▶ _YOUR INSTRUCTIONS_
The entries are to be given again in full. Every word must match.

▶ _EXTRACTED DATA_

──────

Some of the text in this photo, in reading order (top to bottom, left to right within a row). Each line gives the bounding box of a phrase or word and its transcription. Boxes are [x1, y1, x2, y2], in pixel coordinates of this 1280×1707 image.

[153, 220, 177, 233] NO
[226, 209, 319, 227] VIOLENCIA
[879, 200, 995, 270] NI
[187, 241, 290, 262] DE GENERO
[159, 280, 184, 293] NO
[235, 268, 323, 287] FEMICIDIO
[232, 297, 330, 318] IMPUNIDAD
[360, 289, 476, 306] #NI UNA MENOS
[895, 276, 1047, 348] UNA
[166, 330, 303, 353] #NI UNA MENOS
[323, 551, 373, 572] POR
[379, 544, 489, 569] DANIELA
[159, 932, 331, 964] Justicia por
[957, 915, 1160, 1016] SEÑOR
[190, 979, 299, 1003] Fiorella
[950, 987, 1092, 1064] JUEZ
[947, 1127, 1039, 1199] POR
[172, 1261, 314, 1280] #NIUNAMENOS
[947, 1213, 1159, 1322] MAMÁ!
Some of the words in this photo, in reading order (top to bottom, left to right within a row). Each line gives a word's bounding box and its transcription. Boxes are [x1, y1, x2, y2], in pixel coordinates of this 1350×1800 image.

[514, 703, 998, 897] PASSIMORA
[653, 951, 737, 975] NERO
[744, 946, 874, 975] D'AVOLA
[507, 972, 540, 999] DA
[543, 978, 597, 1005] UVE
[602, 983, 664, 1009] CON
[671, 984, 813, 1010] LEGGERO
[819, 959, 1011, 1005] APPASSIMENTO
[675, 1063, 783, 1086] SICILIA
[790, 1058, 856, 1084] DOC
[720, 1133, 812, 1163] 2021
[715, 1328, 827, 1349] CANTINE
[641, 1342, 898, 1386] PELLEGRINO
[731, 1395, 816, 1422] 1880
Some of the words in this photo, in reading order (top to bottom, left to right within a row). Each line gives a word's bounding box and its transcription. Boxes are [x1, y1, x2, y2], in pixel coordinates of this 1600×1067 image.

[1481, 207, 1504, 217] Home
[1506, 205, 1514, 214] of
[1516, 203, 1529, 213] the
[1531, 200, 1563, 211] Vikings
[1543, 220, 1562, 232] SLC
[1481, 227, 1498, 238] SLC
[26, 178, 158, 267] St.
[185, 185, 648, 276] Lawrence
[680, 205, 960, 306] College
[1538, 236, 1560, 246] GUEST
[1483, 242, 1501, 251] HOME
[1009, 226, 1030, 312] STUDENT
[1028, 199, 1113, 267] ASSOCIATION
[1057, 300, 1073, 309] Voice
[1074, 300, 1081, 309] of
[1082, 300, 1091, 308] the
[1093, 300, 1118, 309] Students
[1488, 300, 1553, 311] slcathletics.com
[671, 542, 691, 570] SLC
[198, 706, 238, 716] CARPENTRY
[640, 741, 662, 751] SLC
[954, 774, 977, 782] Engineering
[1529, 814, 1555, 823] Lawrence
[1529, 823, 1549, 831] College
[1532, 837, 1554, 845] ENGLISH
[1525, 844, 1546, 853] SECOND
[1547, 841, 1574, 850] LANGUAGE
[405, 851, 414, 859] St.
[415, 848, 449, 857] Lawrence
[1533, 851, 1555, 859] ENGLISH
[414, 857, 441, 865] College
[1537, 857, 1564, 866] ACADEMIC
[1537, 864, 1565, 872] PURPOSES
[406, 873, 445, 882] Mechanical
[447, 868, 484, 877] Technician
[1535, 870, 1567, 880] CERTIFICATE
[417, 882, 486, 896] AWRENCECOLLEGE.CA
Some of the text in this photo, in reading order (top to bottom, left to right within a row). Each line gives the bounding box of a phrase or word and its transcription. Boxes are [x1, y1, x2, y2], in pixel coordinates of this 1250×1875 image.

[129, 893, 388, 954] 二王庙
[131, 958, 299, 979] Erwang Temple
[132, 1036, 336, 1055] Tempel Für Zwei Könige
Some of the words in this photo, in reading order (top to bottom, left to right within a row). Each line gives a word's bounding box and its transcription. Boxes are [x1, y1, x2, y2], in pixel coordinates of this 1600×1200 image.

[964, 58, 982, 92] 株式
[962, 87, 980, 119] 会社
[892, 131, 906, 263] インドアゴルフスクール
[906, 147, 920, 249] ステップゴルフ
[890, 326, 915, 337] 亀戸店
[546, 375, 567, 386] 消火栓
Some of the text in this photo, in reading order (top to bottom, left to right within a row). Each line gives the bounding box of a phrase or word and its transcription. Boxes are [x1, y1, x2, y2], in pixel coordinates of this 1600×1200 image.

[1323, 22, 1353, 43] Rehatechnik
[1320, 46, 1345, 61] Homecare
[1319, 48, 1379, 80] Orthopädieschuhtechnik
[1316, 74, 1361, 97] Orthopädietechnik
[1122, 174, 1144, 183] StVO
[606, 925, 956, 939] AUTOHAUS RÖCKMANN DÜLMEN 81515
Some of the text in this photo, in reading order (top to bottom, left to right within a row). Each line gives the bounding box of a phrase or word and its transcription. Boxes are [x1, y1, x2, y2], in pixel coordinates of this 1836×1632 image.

──────

▶ _RESULT_
Some of the text in this photo, in reading order (top to bottom, left to right within a row). Each line gives the bounding box of a phrase or word and its transcription. Boxes are [x1, y1, x2, y2], in pixel coordinates of this 1280×1707 image.

[153, 220, 177, 233] NO
[226, 209, 319, 227] VIOLENCIA
[879, 200, 995, 270] NI
[187, 241, 290, 262] DE GENERO
[159, 280, 184, 293] NO
[235, 268, 323, 287] FEMICIDIO
[232, 297, 330, 318] IMPUNIDAD
[360, 289, 476, 306] #NI UNA MENOS
[895, 276, 1047, 348] UNA
[166, 330, 303, 353] #NI UNA MENOS
[323, 551, 373, 572] POR
[379, 544, 489, 569] DANIELA
[159, 932, 331, 964] Justicia por
[957, 915, 1160, 1016] SEÑOR
[190, 979, 299, 1003] Fiorella
[950, 987, 1092, 1064] JUEZ
[947, 1127, 1039, 1199] POR
[172, 1261, 314, 1280] #NIUNAMENOS
[947, 1213, 1159, 1322] MAMÁ!
Some of the words in this photo, in reading order (top to bottom, left to right within a row). Each line gives a word's bounding box and its transcription. Boxes are [x1, y1, x2, y2], in pixel coordinates of this 1350×1800 image.

[514, 703, 998, 897] PASSIMORA
[653, 951, 737, 975] NERO
[744, 946, 874, 975] D'AVOLA
[507, 972, 540, 999] DA
[543, 978, 597, 1005] UVE
[602, 983, 664, 1009] CON
[671, 984, 813, 1010] LEGGERO
[819, 959, 1011, 1005] APPASSIMENTO
[675, 1063, 783, 1086] SICILIA
[790, 1058, 856, 1084] DOC
[720, 1133, 812, 1163] 2021
[715, 1328, 827, 1349] CANTINE
[641, 1342, 898, 1386] PELLEGRINO
[731, 1395, 816, 1422] 1880
Some of the words in this photo, in reading order (top to bottom, left to right within a row). Each line gives a word's bounding box and its transcription. Boxes are [x1, y1, x2, y2], in pixel coordinates of this 1600×1067 image.

[1481, 207, 1504, 217] Home
[1506, 205, 1514, 214] of
[1516, 203, 1529, 213] the
[1531, 200, 1563, 211] Vikings
[1543, 220, 1562, 232] SLC
[1481, 227, 1498, 238] SLC
[26, 178, 158, 267] St.
[185, 185, 648, 276] Lawrence
[680, 205, 960, 306] College
[1538, 236, 1560, 246] GUEST
[1483, 242, 1501, 251] HOME
[1009, 226, 1030, 312] STUDENT
[1028, 199, 1113, 267] ASSOCIATION
[1057, 300, 1073, 309] Voice
[1074, 300, 1081, 309] of
[1082, 300, 1091, 308] the
[1093, 300, 1118, 309] Students
[1488, 300, 1553, 311] slcathletics.com
[671, 542, 691, 570] SLC
[198, 706, 238, 716] CARPENTRY
[640, 741, 662, 751] SLC
[954, 774, 977, 782] Engineering
[1529, 814, 1555, 823] Lawrence
[1529, 823, 1549, 831] College
[1532, 837, 1554, 845] ENGLISH
[1525, 844, 1546, 853] SECOND
[1547, 841, 1574, 850] LANGUAGE
[405, 851, 414, 859] St.
[415, 848, 449, 857] Lawrence
[1533, 851, 1555, 859] ENGLISH
[414, 857, 441, 865] College
[1537, 857, 1564, 866] ACADEMIC
[1537, 864, 1565, 872] PURPOSES
[406, 873, 445, 882] Mechanical
[447, 868, 484, 877] Technician
[1535, 870, 1567, 880] CERTIFICATE
[417, 882, 486, 896] AWRENCECOLLEGE.CA
Some of the text in this photo, in reading order (top to bottom, left to right within a row). Each line gives the bounding box of a phrase or word and its transcription. Boxes are [x1, y1, x2, y2], in pixel coordinates of this 1250×1875 image.

[129, 893, 388, 954] 二王庙
[131, 958, 299, 979] Erwang Temple
[132, 1036, 336, 1055] Tempel Für Zwei Könige
Some of the words in this photo, in reading order (top to bottom, left to right within a row). Each line gives a word's bounding box and its transcription. Boxes are [x1, y1, x2, y2], in pixel coordinates of this 1600×1200 image.

[964, 58, 982, 92] 株式
[962, 87, 980, 119] 会社
[892, 131, 906, 263] インドアゴルフスクール
[906, 147, 920, 249] ステップゴルフ
[890, 326, 915, 337] 亀戸店
[546, 375, 567, 386] 消火栓
Some of the text in this photo, in reading order (top to bottom, left to right within a row). Each line gives the bounding box of a phrase or word and its transcription. Boxes are [x1, y1, x2, y2], in pixel coordinates of this 1600×1200 image.

[1323, 22, 1353, 43] Rehatechnik
[1320, 46, 1345, 61] Homecare
[1319, 48, 1379, 80] Orthopädieschuhtechnik
[1316, 74, 1361, 97] Orthopädietechnik
[1122, 174, 1144, 183] StVO
[606, 925, 956, 939] AUTOHAUS RÖCKMANN DÜLMEN 81515
Some of the text in this photo, in reading order (top to bottom, left to right within a row). Each line gives the bounding box of a phrase or word and its transcription. Boxes are [x1, y1, x2, y2], in pixel coordinates of this 1836×1632 image.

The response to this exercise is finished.